The recent public survey conducted by Japan’s Mainichi newspaper indicated that 57 percent of the respondents were against restarting the Sendai nuclear power plant, while just 30 percent supported the decision.  

The activists remain doubtful, because Kyushu Electric and local authorities haven't released an acceptable plan for evacuation for the residents in case the area faces another Fukushima-style disaster.

A representative of a group opposing the Sendai restart plan told the Guardian that  “There are schools and hospitals near the plant, but no one has told us how children and the elderly would be evacuated,” adding that, “Naturally there will be gridlock caused by the sheer number of vehicles, landslides, and damaged roads and bridges.”

Nearly 220,000 residents live their lives within a 30 km radius of the Sendai nuclear power plant. In an accident scenario the number of the affected people would rise to 900,000 since Kagoshima City is also within a 50 km radius of the facility, according to the Asahi Shimbun newspaper.

The newspaper also reported that only two of 85 medical institutes and 15 of 159 nursing and other medical facilities within a 30 km radius of the Sendai nuclear power plant had proper evacuation plans.

Shaun Burnie, a nuclear specialist at Greenpeace Germany criticized the Japanese government for disregarding basic principles of nuclear safety and putting public health at risk.

“The same players in the ‘nuclear village’ that delivered Japan the Fukushima Daiichi tragedy in 2011 are attempting to kick-start nuclear power again.” Burnie said.

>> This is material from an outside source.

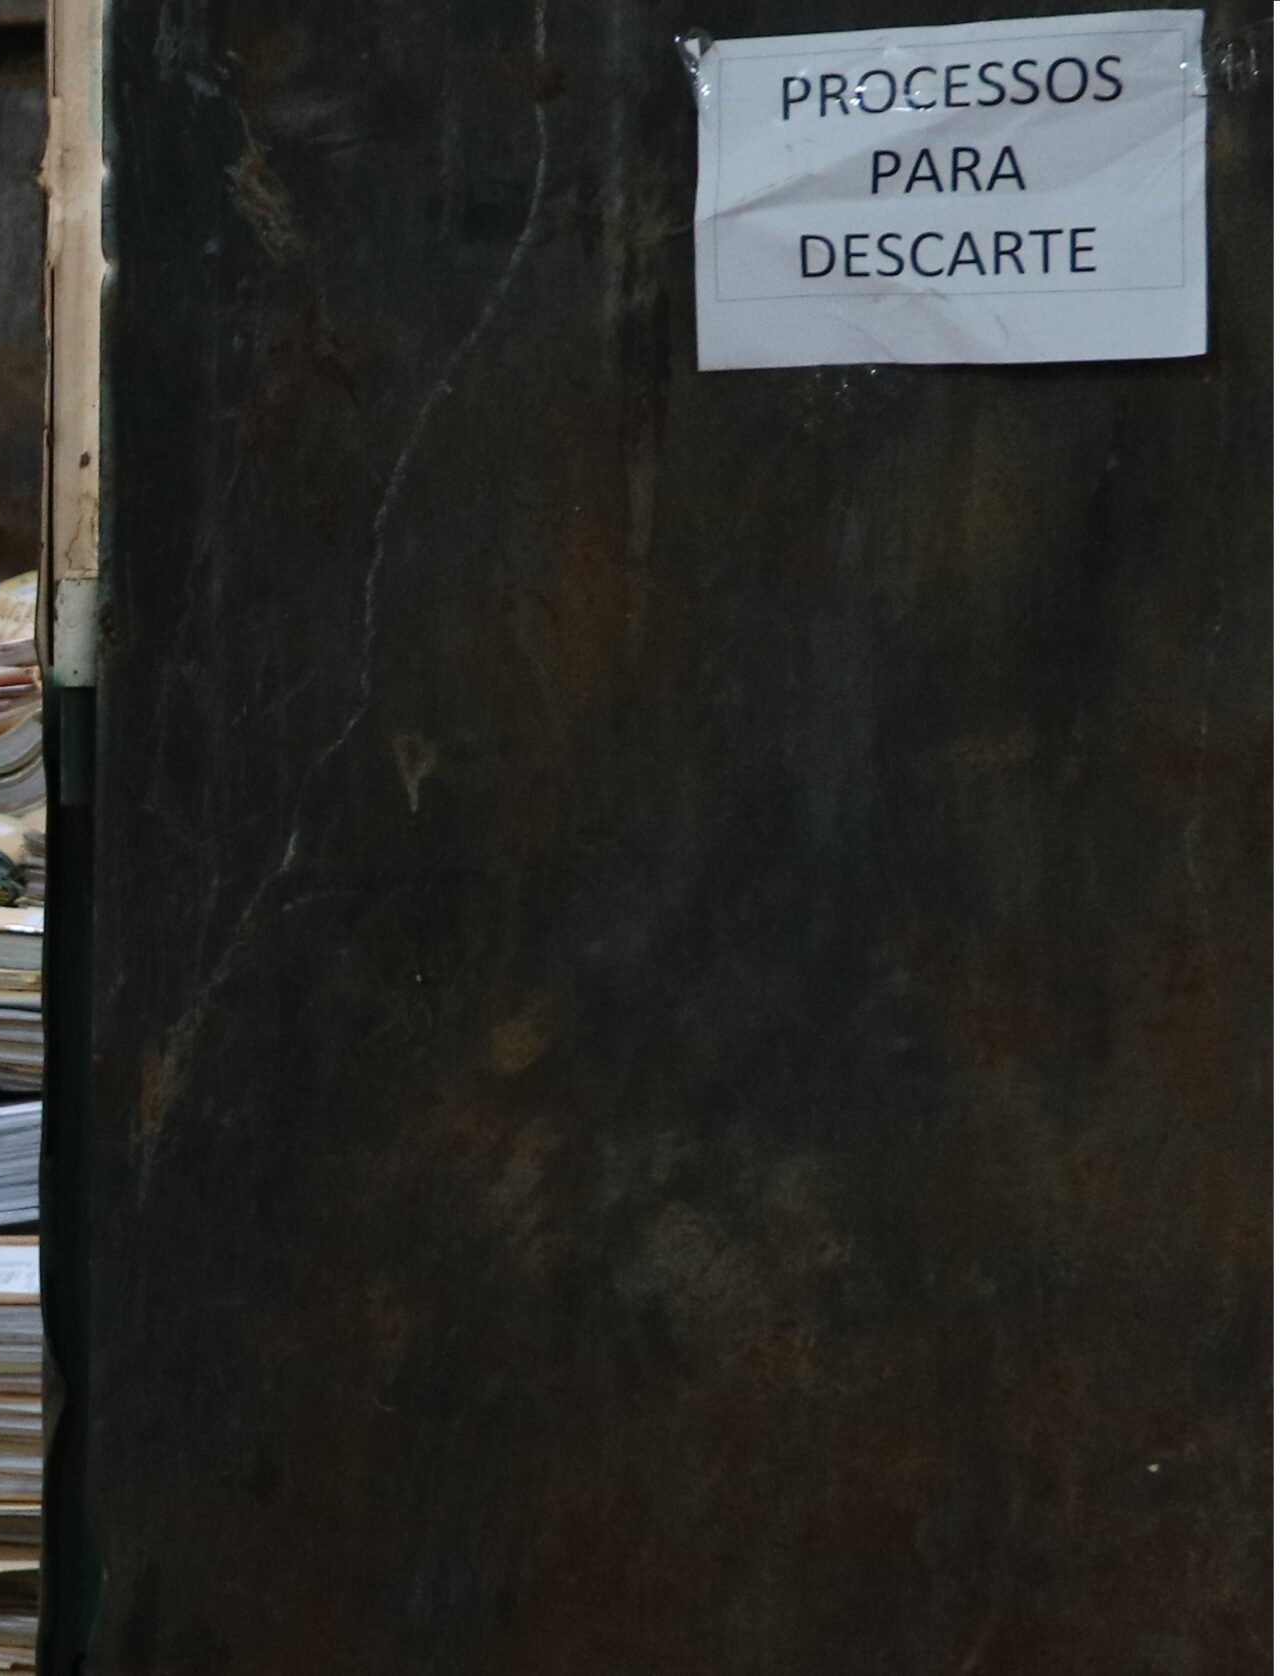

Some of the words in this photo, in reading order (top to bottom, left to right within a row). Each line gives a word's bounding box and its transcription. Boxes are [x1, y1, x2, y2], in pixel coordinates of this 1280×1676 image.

[782, 55, 1124, 121] PROCESSOS
[871, 145, 1027, 195] PARA
[800, 227, 1097, 279] DESCARTE

However the company claimed that the two reactors passed the new upgraded safety standards which were put in place by the Nuclear Regulation Authority, after the Fukushima disaster.

Japan Prime minister Shinzo Abe also backed the plan, saying in a news conference that safety will take priority in the planned reopening of Sendai nuclear power plant.

“We will ensure that safety comes first,” Abe told a news conference. “We will also work harder to win more support [for the restart],” Abe said.

He also pointed out the importance of the restart claiming that the reactors are vital for the growth of the country’s economy.